Print all records exactly, pictures left out.

Saved entries:
========================

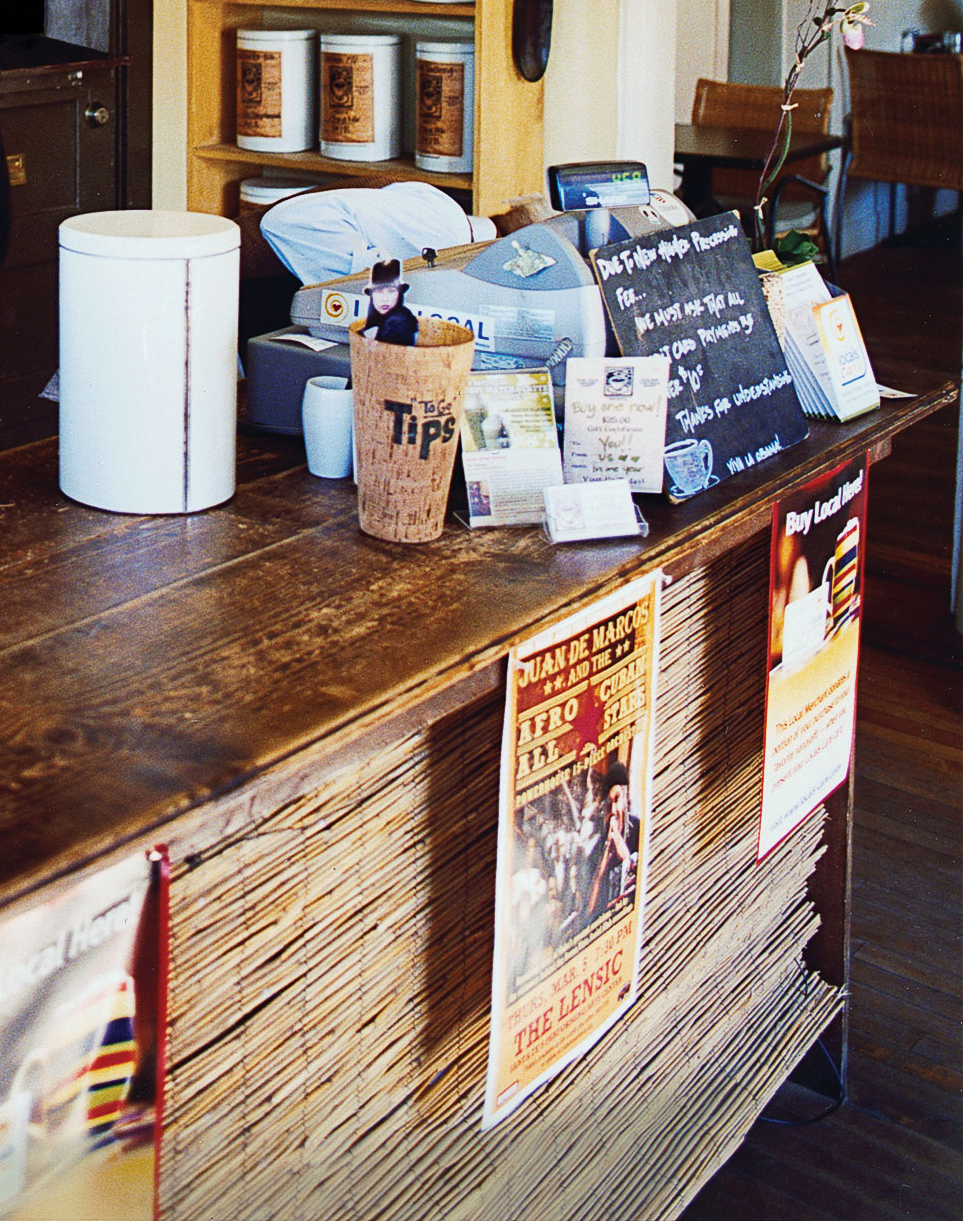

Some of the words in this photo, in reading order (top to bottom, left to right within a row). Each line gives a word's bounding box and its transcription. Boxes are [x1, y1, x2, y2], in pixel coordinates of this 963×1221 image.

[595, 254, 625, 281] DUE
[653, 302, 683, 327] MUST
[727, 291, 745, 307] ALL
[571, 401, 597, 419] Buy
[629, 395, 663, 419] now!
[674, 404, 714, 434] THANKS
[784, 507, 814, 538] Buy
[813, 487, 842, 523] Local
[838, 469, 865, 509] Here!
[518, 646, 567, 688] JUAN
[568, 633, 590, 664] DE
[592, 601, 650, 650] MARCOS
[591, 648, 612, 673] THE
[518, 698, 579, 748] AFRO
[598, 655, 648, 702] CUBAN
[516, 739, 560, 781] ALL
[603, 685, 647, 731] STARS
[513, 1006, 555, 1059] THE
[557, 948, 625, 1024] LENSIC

========================

• **Task answer**:
Some of the words in this photo, in reading order (top to bottom, left to right within a row). Each line gives a word's bounding box and its transcription. Boxes are [x1, y1, x2, y2], in pixel coordinates of this 963×1221 image.

[595, 254, 625, 281] DUE
[653, 302, 683, 327] MUST
[727, 291, 745, 307] ALL
[571, 401, 597, 419] Buy
[629, 395, 663, 419] now!
[674, 404, 714, 434] THANKS
[784, 507, 814, 538] Buy
[813, 487, 842, 523] Local
[838, 469, 865, 509] Here!
[518, 646, 567, 688] JUAN
[568, 633, 590, 664] DE
[592, 601, 650, 650] MARCOS
[591, 648, 612, 673] THE
[518, 698, 579, 748] AFRO
[598, 655, 648, 702] CUBAN
[516, 739, 560, 781] ALL
[603, 685, 647, 731] STARS
[513, 1006, 555, 1059] THE
[557, 948, 625, 1024] LENSIC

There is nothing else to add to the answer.